[Phrase grounding data]
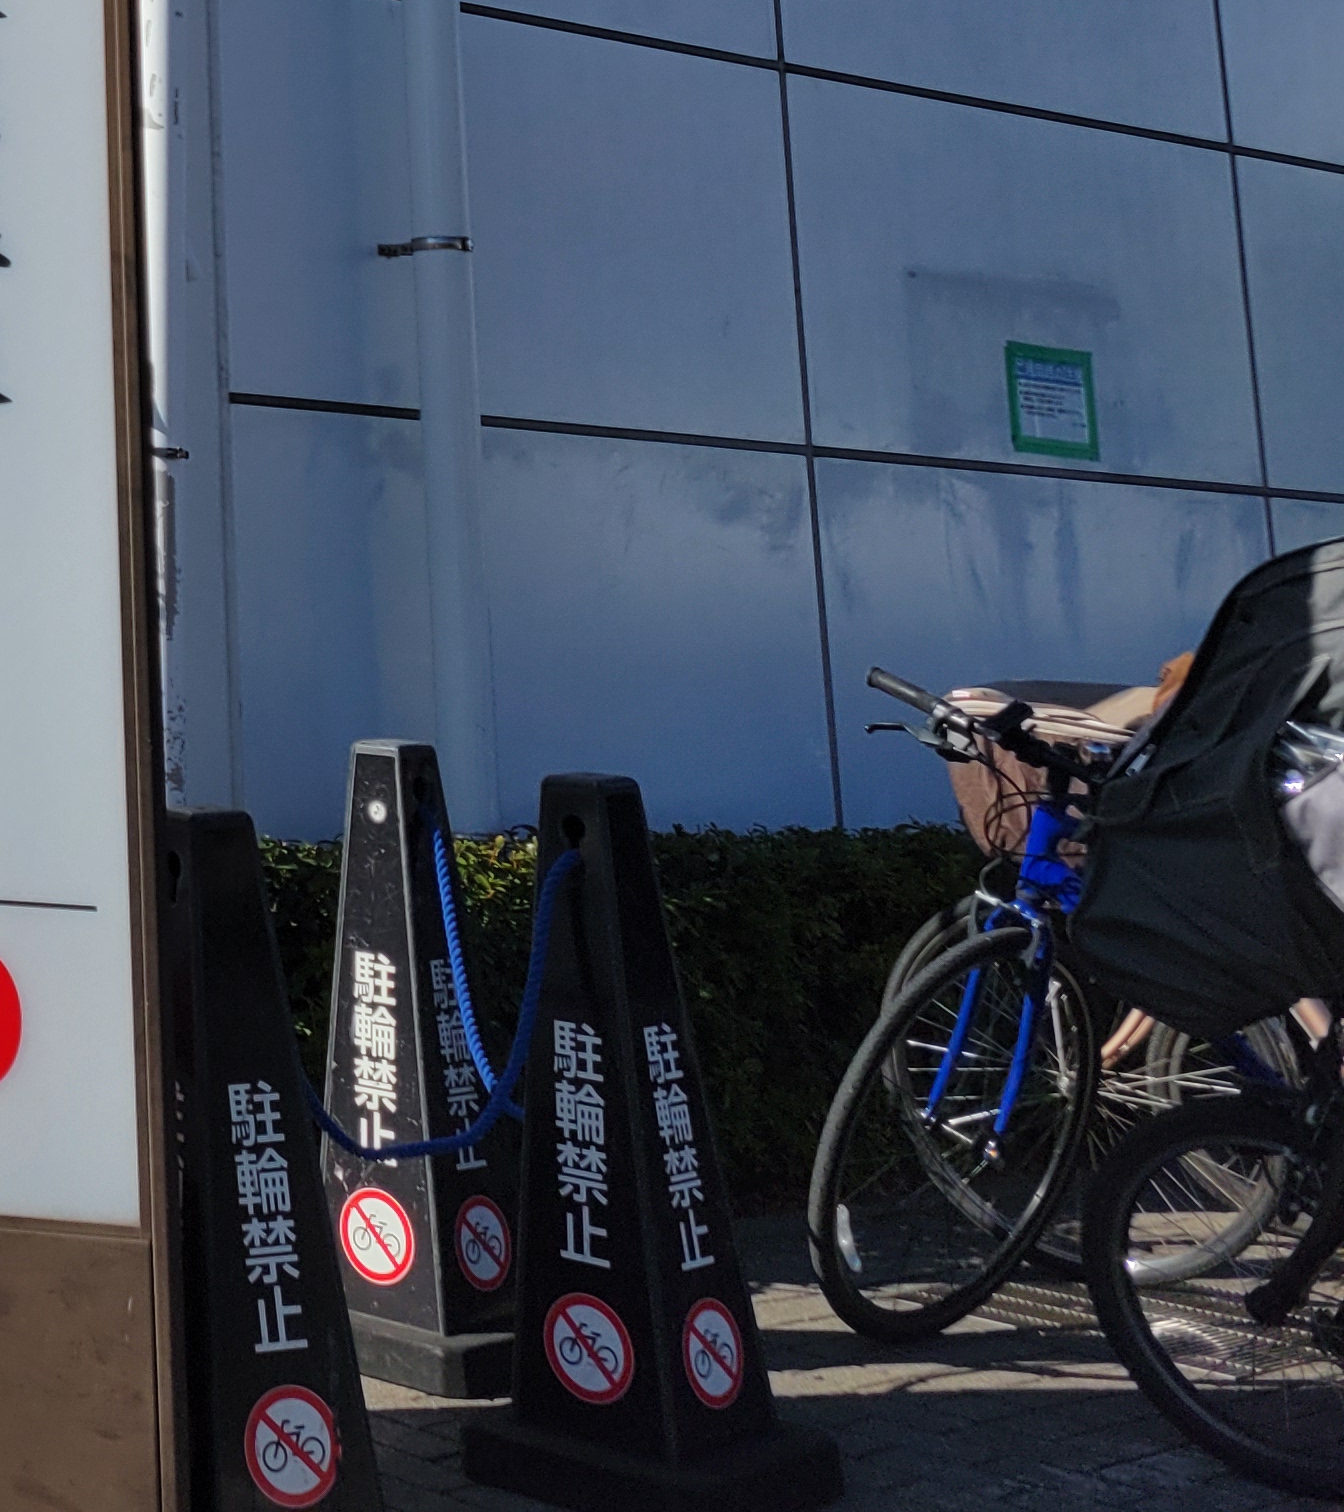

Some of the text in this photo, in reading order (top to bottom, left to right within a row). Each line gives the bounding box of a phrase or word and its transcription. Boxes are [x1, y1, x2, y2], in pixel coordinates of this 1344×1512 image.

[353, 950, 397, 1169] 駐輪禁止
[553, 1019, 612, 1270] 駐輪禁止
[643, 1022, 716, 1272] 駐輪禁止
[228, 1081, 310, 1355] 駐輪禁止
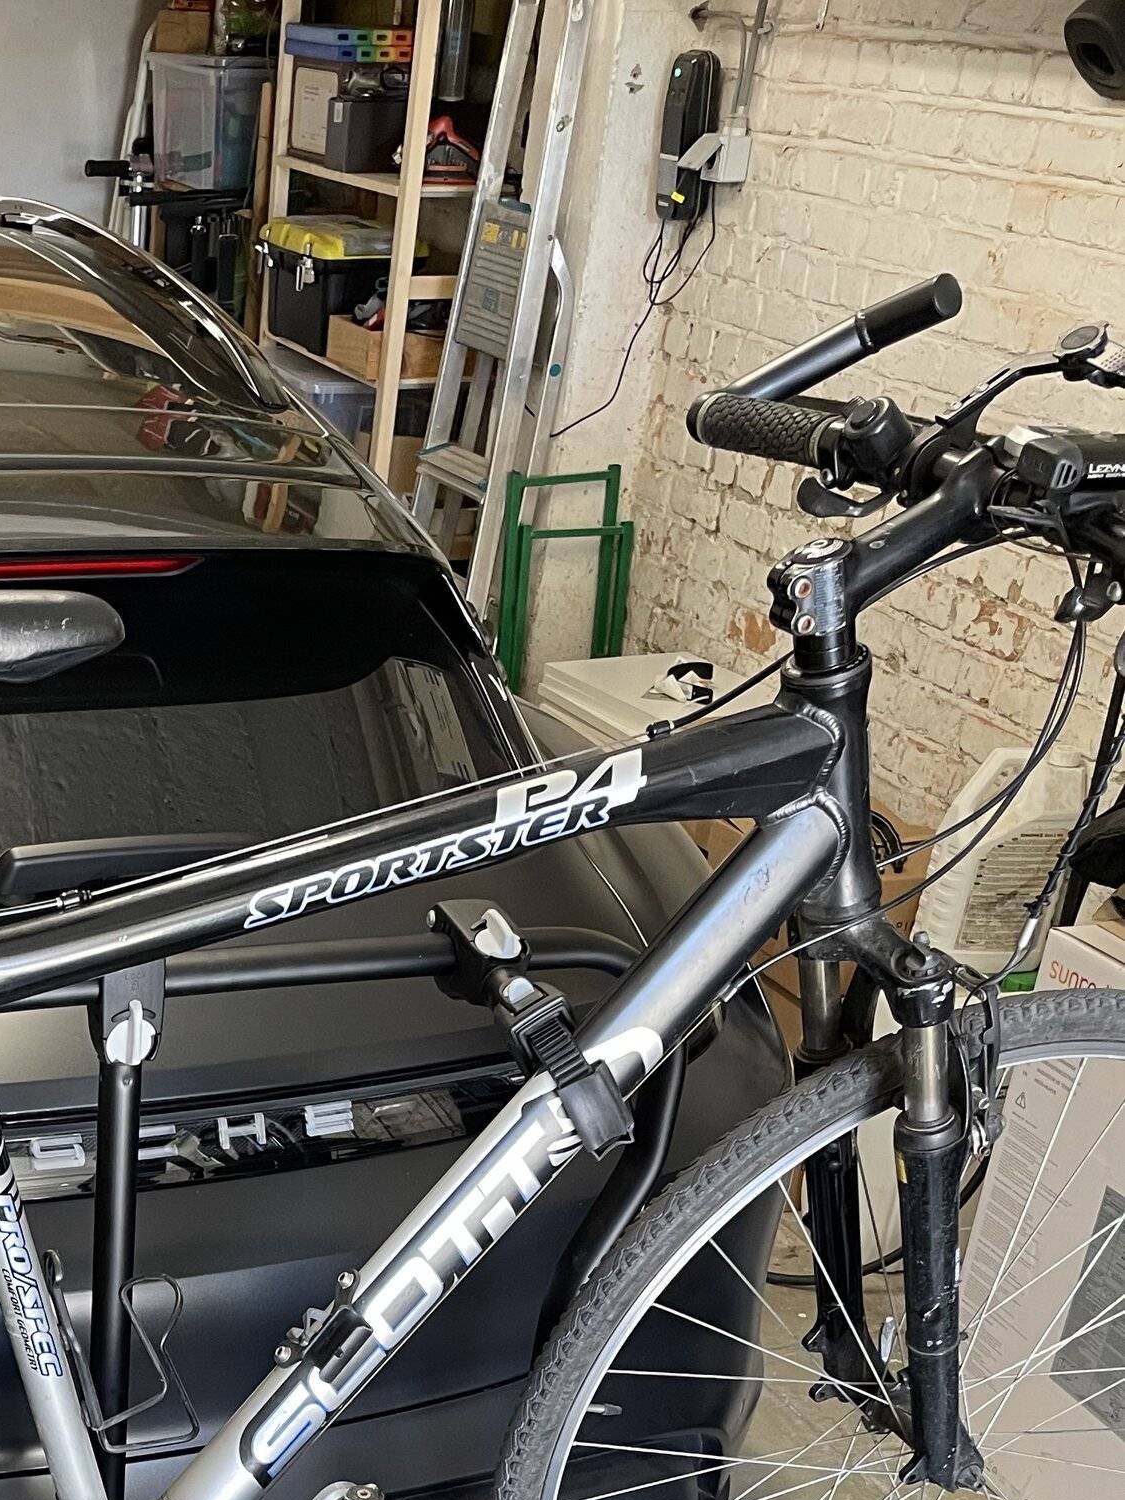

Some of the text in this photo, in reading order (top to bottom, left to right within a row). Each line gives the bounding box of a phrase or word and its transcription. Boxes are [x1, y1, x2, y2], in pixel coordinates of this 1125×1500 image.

TO DO
Copy the records exactly, minus any pictures.

WRITTEN ANSWER
Some of the text in this photo, in reading order (top to bottom, left to right within a row). Each line gives the bounding box of a phrase or word and its transcription. Boxes are [x1, y1, x2, y2], in pixel coordinates of this 1344×1512 image.

[353, 950, 397, 1169] 駐輪禁止
[553, 1019, 612, 1270] 駐輪禁止
[643, 1022, 716, 1272] 駐輪禁止
[228, 1081, 310, 1355] 駐輪禁止

Some of the text in this photo, in reading order (top to bottom, left to right within a row). Each line gives the bounding box of a phrase or word and its transcription. Boxes are [x1, y1, x2, y2], in pixel coordinates of this 1125×1500 image.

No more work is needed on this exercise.